→ TASK PROMPT
Give back every record verbatim, but not the pictures.

→ DATA FOR THE TASK

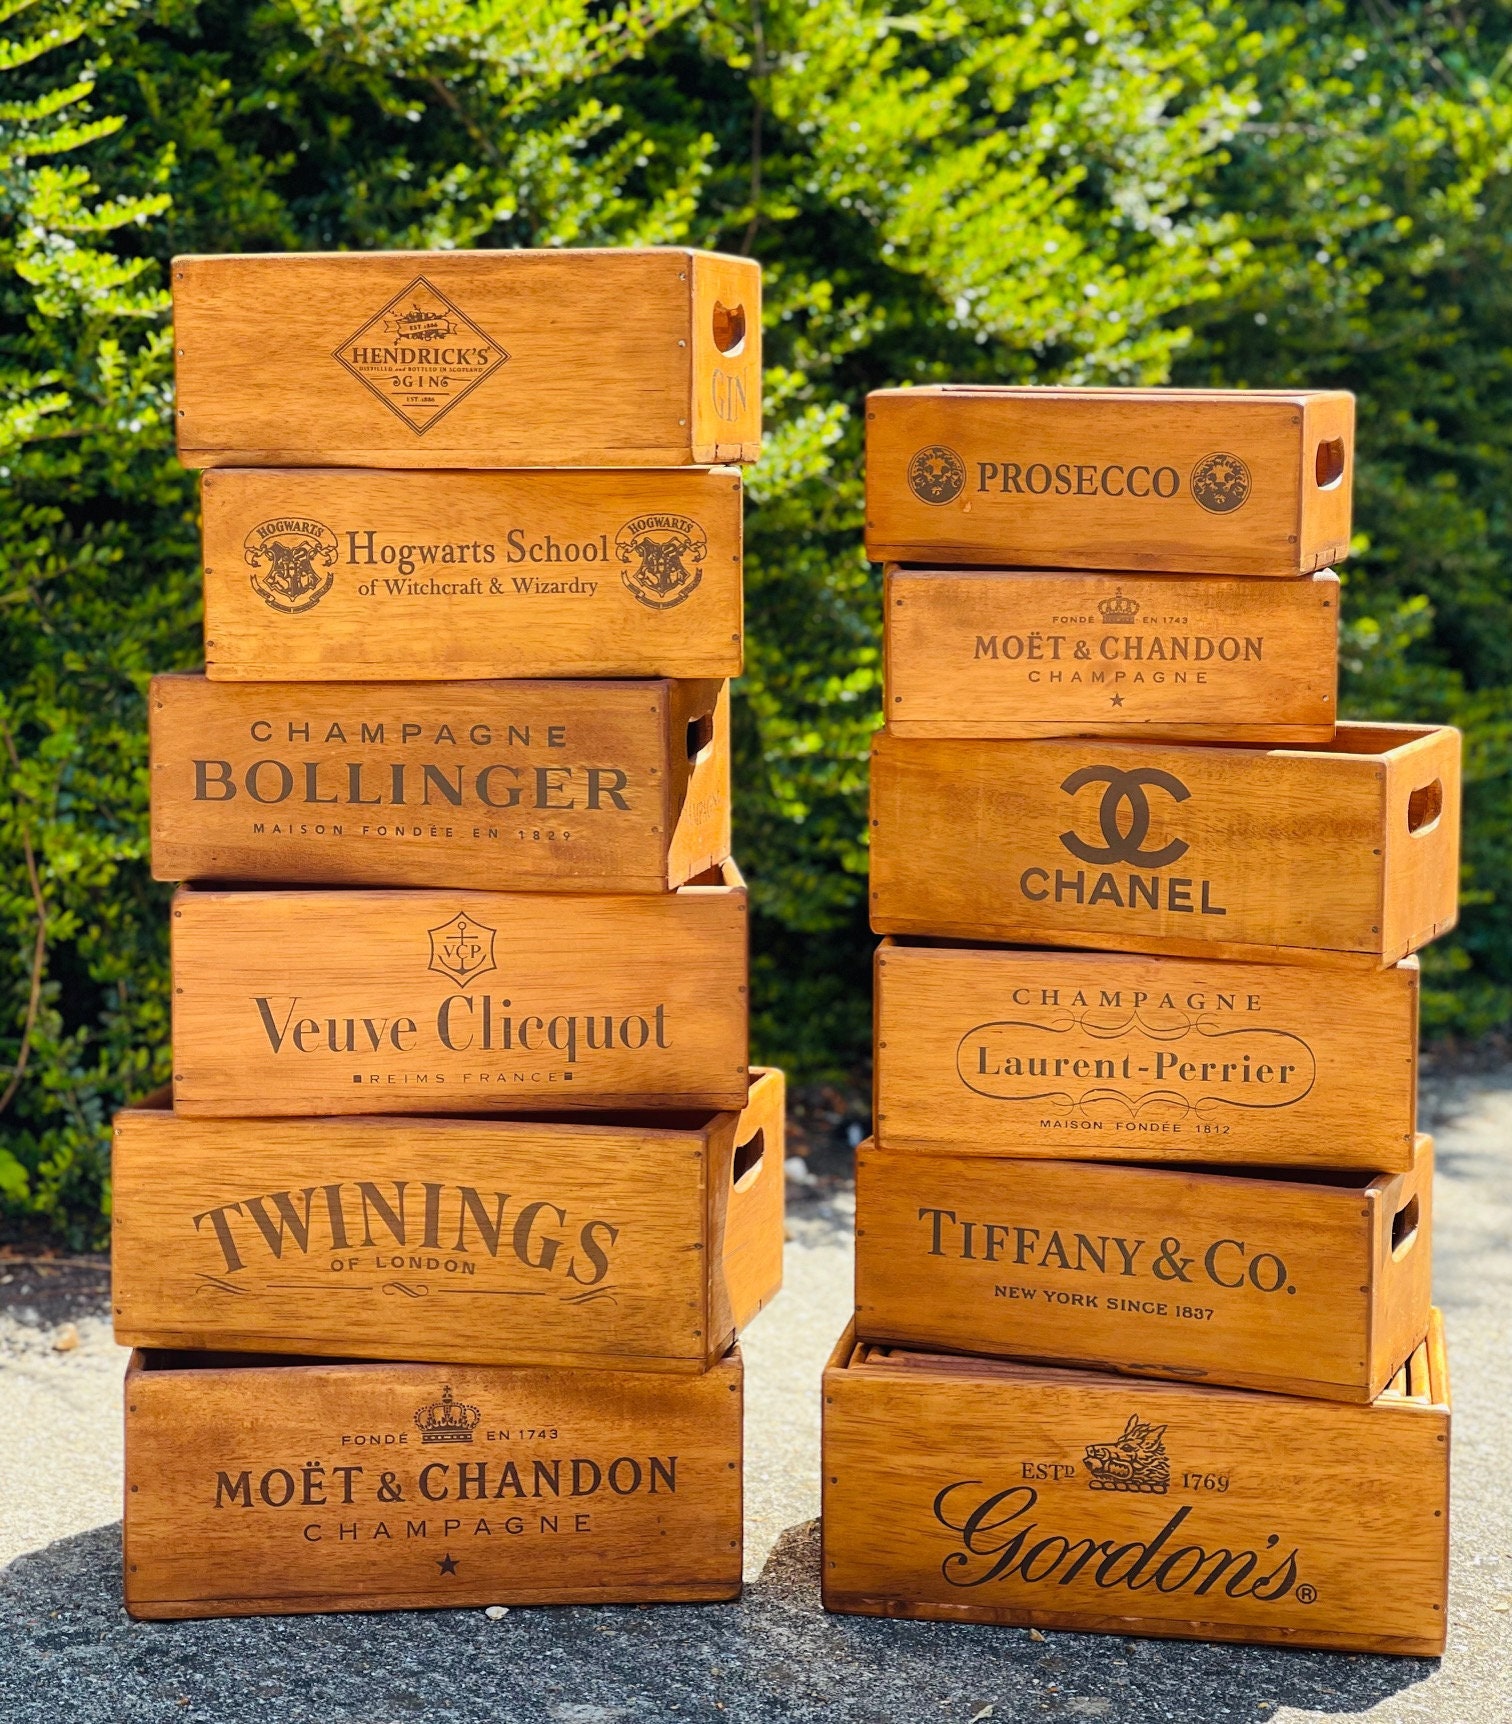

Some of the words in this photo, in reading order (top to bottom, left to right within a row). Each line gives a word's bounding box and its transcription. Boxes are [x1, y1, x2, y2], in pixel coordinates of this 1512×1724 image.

[352, 347, 489, 365] HENDRICK'S
[402, 375, 440, 388] GIN
[712, 366, 748, 422] GIN
[976, 461, 1181, 499] PROSECCO
[256, 520, 325, 539] HOGWARTS
[627, 516, 694, 535] HOGWARTS
[345, 530, 495, 576] Hogwarts
[507, 528, 611, 564] School
[358, 578, 378, 596] of
[382, 577, 483, 596] Witchcraft
[489, 577, 504, 595] &
[511, 576, 599, 597] Wizardry
[1142, 616, 1158, 624] EN
[1163, 616, 1189, 624] 1743
[973, 631, 1066, 660] MOËT
[1073, 639, 1092, 661] &
[1099, 635, 1264, 662] CHANDON
[1028, 670, 1208, 684] CHAMPAGNE
[250, 720, 567, 748] CHAMPAGNE
[191, 759, 633, 811] BOLLINGER
[253, 823, 343, 835] MAISON
[362, 824, 453, 838] FONDÉE
[473, 828, 498, 838] EN
[518, 830, 571, 841] 1829
[1019, 866, 1227, 916] CHANEL
[443, 944, 482, 960] VCP
[1011, 987, 1262, 1012] CHAMPAGNE
[248, 996, 418, 1055] Veuve
[437, 994, 674, 1063] Clicquot
[369, 1073, 445, 1084] REIMS
[463, 1072, 557, 1083] FRANCE
[975, 1046, 1296, 1085] Laurent-Perrier
[1040, 1119, 1103, 1130] MAISON
[1116, 1120, 1182, 1133] FONDÉE
[1195, 1124, 1231, 1135] 1812
[193, 1181, 620, 1286] TWININGS
[918, 1207, 1146, 1277] TIFFANY
[1151, 1236, 1195, 1283] &
[330, 1256, 359, 1273] OF
[375, 1256, 476, 1276] LONDON
[994, 1285, 1036, 1301] NEW
[1043, 1290, 1099, 1309] YORK
[1106, 1297, 1168, 1317] SINCE
[1175, 1304, 1215, 1322] 1837
[341, 1432, 408, 1446] FONDÉ
[486, 1430, 510, 1441] EN
[519, 1428, 559, 1440] 1743
[213, 1460, 364, 1509] MOËT
[376, 1471, 406, 1503] &
[418, 1456, 679, 1502] CHANDON
[1182, 1472, 1230, 1493] 1769
[303, 1514, 592, 1542] CHAMPAGNE
[932, 1479, 1299, 1601] Gordon's
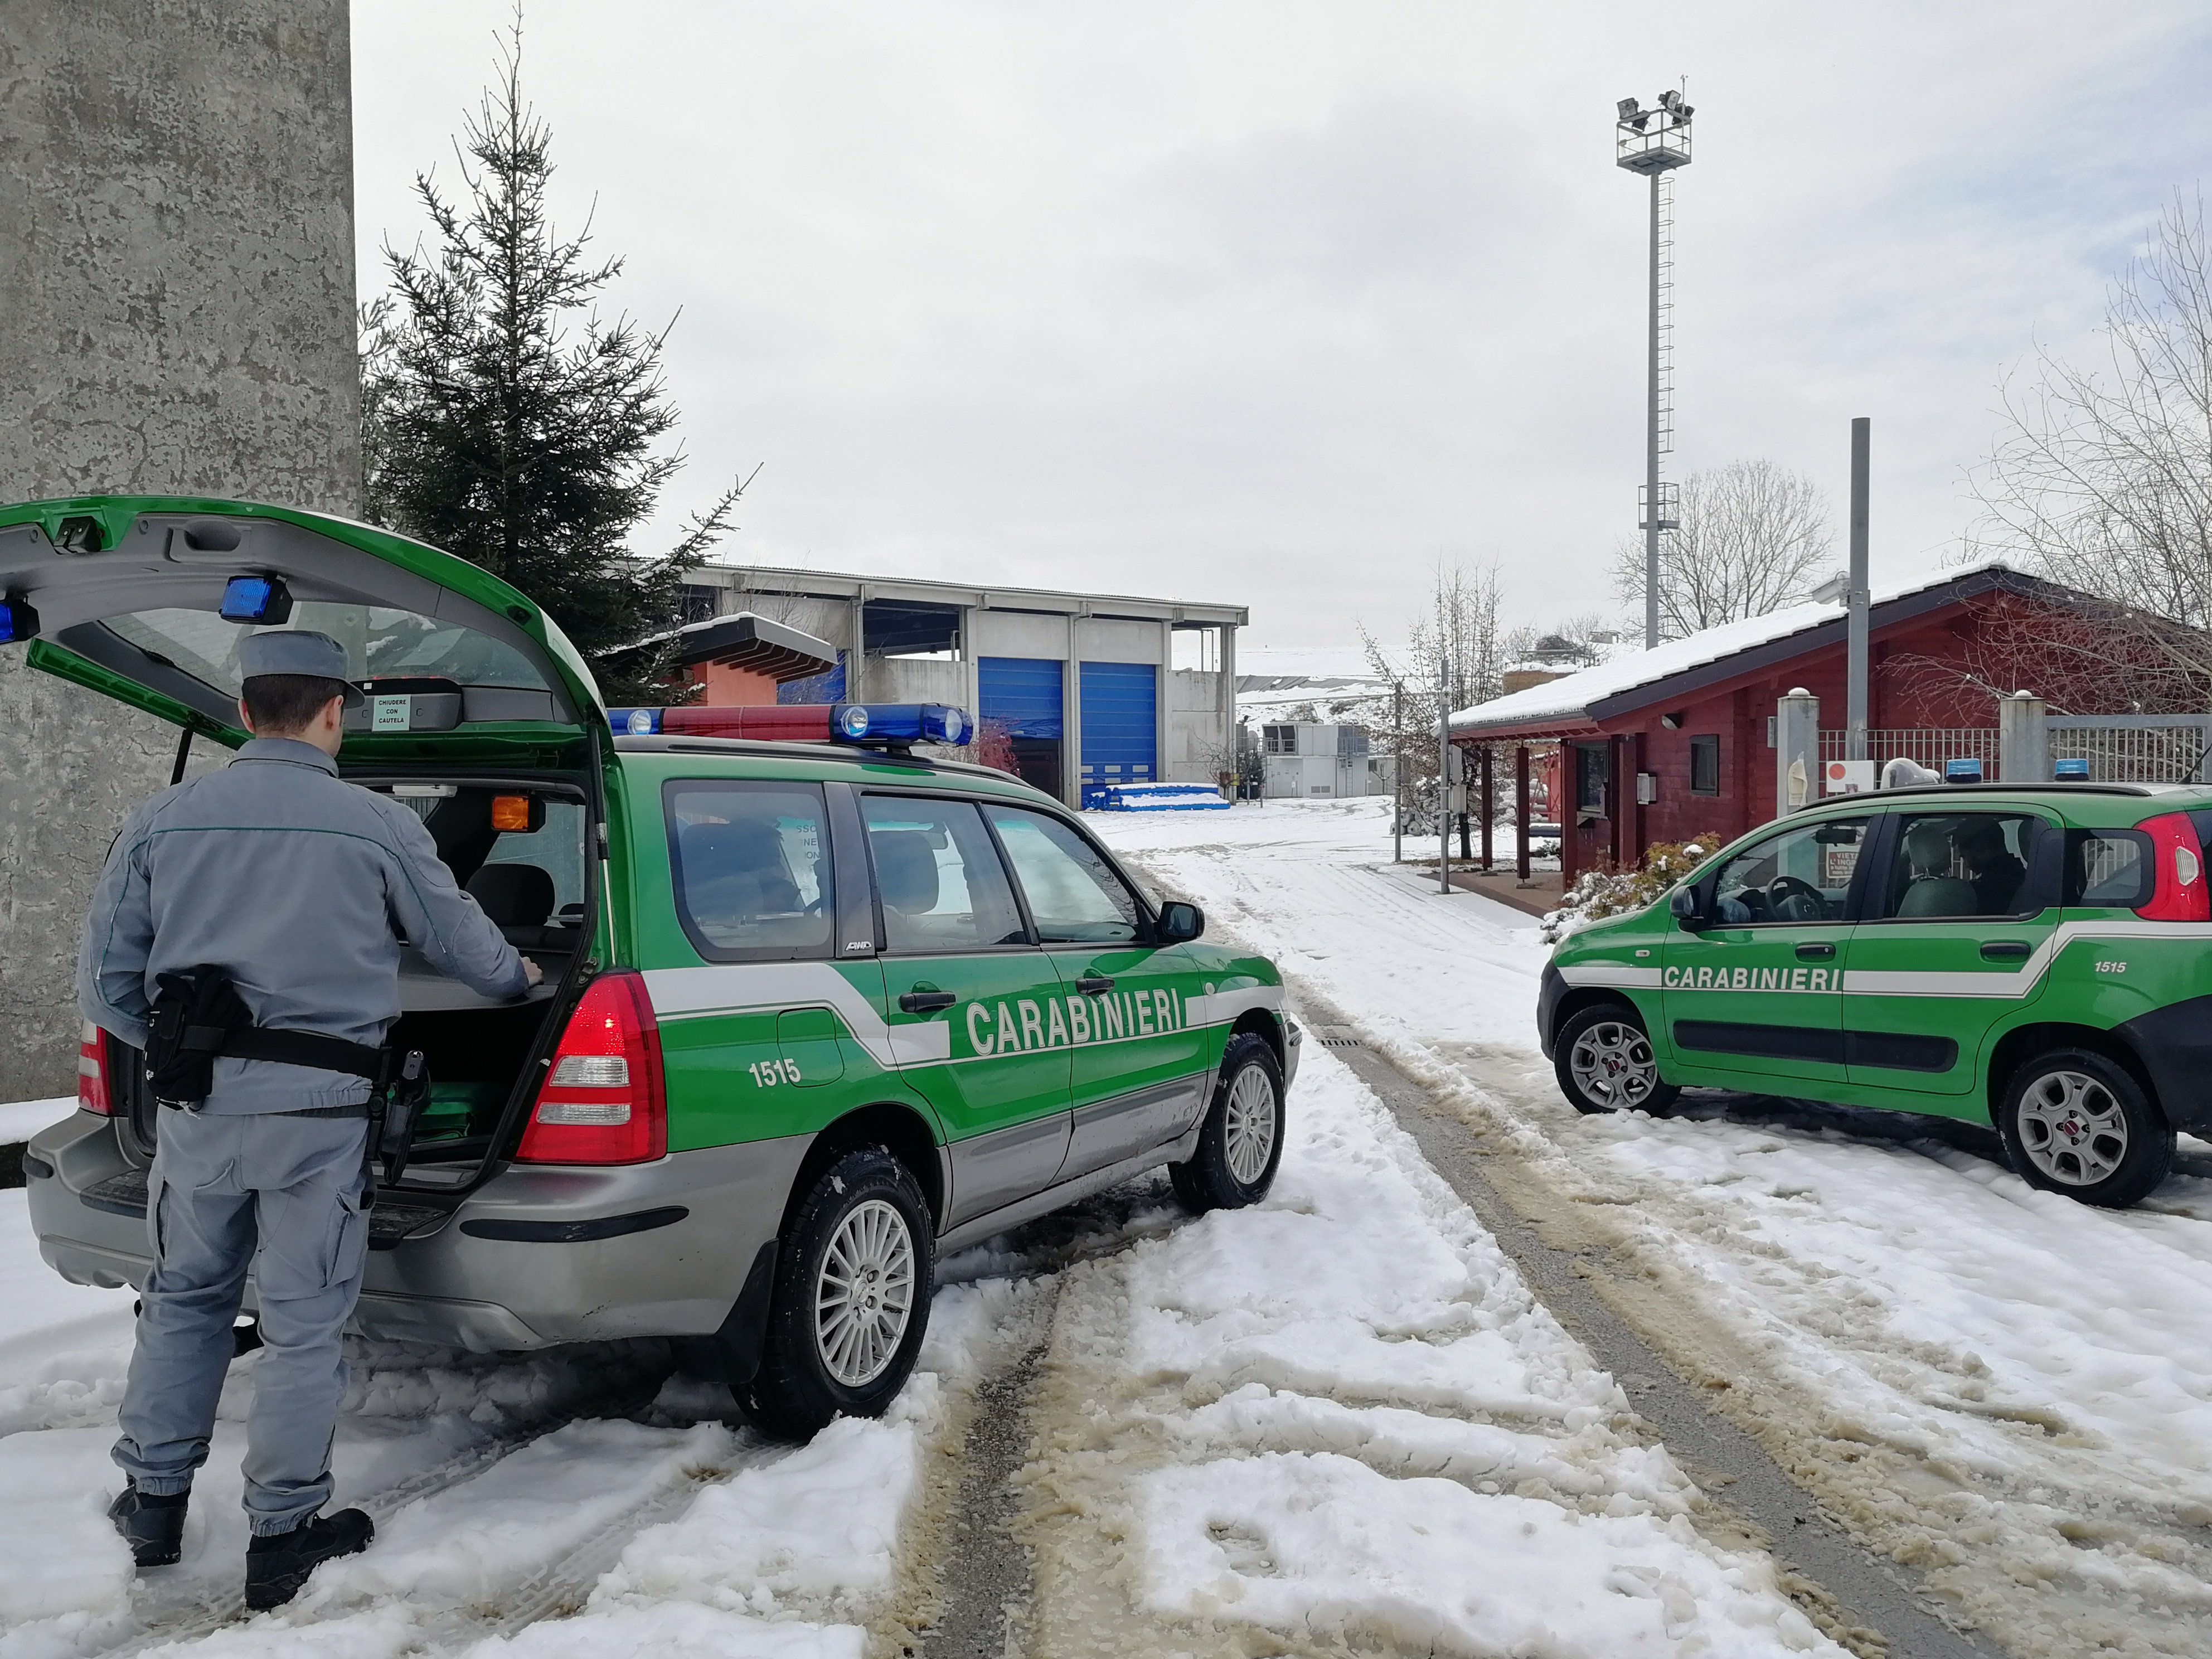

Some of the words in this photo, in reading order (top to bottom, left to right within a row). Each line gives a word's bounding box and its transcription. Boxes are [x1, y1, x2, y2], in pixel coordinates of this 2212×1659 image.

→ OUTPUT
Some of the words in this photo, in reading order (top to bottom, left to right within a row). Each line gives a word's bounding box and its transcription. Boxes are [x1, y1, x2, y2], in pixel coordinates of this 1512×1724 image.

[352, 347, 489, 365] HENDRICK'S
[402, 375, 440, 388] GIN
[712, 366, 748, 422] GIN
[976, 461, 1181, 499] PROSECCO
[256, 520, 325, 539] HOGWARTS
[627, 516, 694, 535] HOGWARTS
[345, 530, 495, 576] Hogwarts
[507, 528, 611, 564] School
[358, 578, 378, 596] of
[382, 577, 483, 596] Witchcraft
[489, 577, 504, 595] &
[511, 576, 599, 597] Wizardry
[1142, 616, 1158, 624] EN
[1163, 616, 1189, 624] 1743
[973, 631, 1066, 660] MOËT
[1073, 639, 1092, 661] &
[1099, 635, 1264, 662] CHANDON
[1028, 670, 1208, 684] CHAMPAGNE
[250, 720, 567, 748] CHAMPAGNE
[191, 759, 633, 811] BOLLINGER
[253, 823, 343, 835] MAISON
[362, 824, 453, 838] FONDÉE
[473, 828, 498, 838] EN
[518, 830, 571, 841] 1829
[1019, 866, 1227, 916] CHANEL
[443, 944, 482, 960] VCP
[1011, 987, 1262, 1012] CHAMPAGNE
[248, 996, 418, 1055] Veuve
[437, 994, 674, 1063] Clicquot
[369, 1073, 445, 1084] REIMS
[463, 1072, 557, 1083] FRANCE
[975, 1046, 1296, 1085] Laurent-Perrier
[1040, 1119, 1103, 1130] MAISON
[1116, 1120, 1182, 1133] FONDÉE
[1195, 1124, 1231, 1135] 1812
[193, 1181, 620, 1286] TWININGS
[918, 1207, 1146, 1277] TIFFANY
[1151, 1236, 1195, 1283] &
[330, 1256, 359, 1273] OF
[375, 1256, 476, 1276] LONDON
[994, 1285, 1036, 1301] NEW
[1043, 1290, 1099, 1309] YORK
[1106, 1297, 1168, 1317] SINCE
[1175, 1304, 1215, 1322] 1837
[341, 1432, 408, 1446] FONDÉ
[486, 1430, 510, 1441] EN
[519, 1428, 559, 1440] 1743
[213, 1460, 364, 1509] MOËT
[376, 1471, 406, 1503] &
[418, 1456, 679, 1502] CHANDON
[1182, 1472, 1230, 1493] 1769
[303, 1514, 592, 1542] CHAMPAGNE
[932, 1479, 1299, 1601] Gordon's

Some of the words in this photo, in reading order (top to bottom, left to right within a row). Each line gives a word's bounding box and its transcription. Boxes are [x1, y1, x2, y2], in pixel coordinates of this 2212×1659 image.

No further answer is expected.